Peran Gen Z dalam Menciptakan Narasi Tandingan

Di tengah dominasi narasi lingkungan yang dibentuk oleh negara dan korporasi, masyarakat Indonesia, terutama generasi muda seperti Gen Z, semakin menyadari pentingnya menyuarakan perspektif alternatif. Gen Z, yang tumbuh di tengah kemajuan teknologi digital, memiliki literasi media yang tinggi dan kemampuan untuk memanfaatkan platform digital sebagai alat advokasi.

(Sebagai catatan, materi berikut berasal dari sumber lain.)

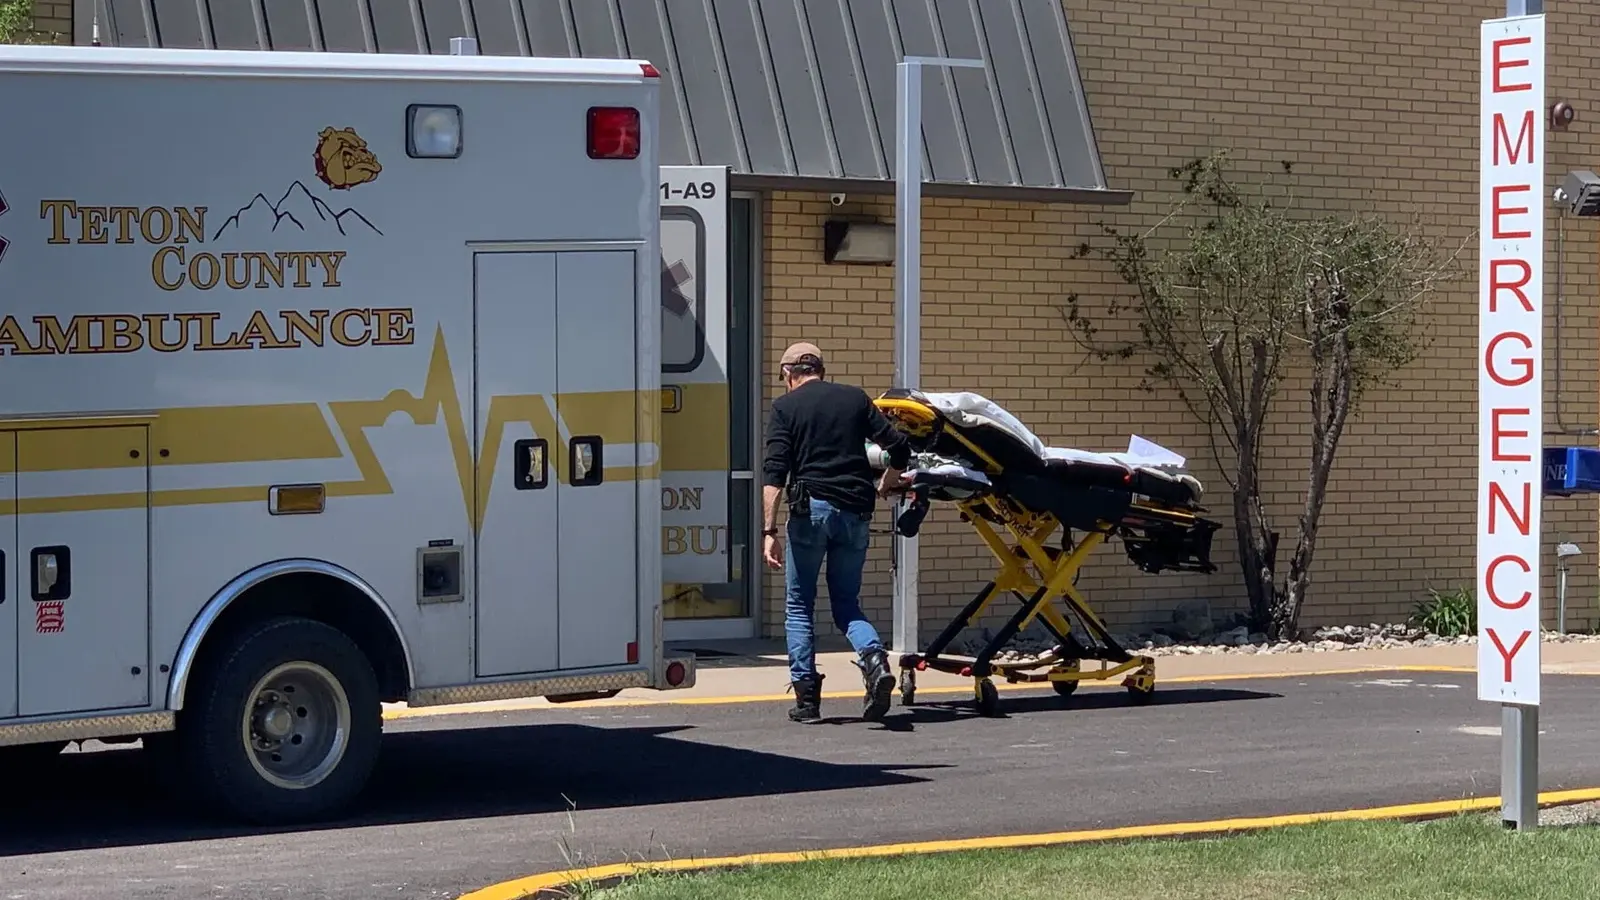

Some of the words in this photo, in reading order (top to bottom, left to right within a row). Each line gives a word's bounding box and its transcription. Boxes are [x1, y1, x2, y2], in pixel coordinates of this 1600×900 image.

[40, 200, 208, 244] TETON
[152, 246, 347, 290] COUNTY
[0, 308, 415, 355] AMBULANCE
[1486, 38, 1533, 680] EMERGENCY

Jurnalisme warga (citizen journalism) menjadi salah satu cara paling efektif untuk menciptakan narasi tandingan terhadap konstruksi sosial dominan yang seringkali menutupi atau menyesatkan realitas ekologis. Dengan alat sederhana seperti ponsel, kamera, dan akun media sosial, masyarakat kini dapat mendokumentasikan perusakan lingkungan di sekitar mereka dan menyebarkannya secara luas, tanpa harus bergantung pada media arus utama.

Di sisi lain, jurnalisme warga juga menjadi ruang edukasi. Gen Z tidak hanya membuat konten yang bersifat reaktif, tapi juga informatif dan analitis, misalnya menjelaskan dampak tambang terhadap sumber air, atau mengulas kebijakan iklim pemerintah secara kritis. Hal ini menunjukkan bahwa narasi tandingan bukan hanya tentang melawan, tapi juga membangun pemahaman publik yang lebih utuh dan berkeadilan ekologis.

Dengan jangkauan digital yang luas dan semangat kolaboratif yang kuat, Gen Z memiliki potensi besar untuk menjadi penggerak transformasi komunikasi lingkungan di Indonesia, dari narasi dominasi menuju narasi yang berkeadilan.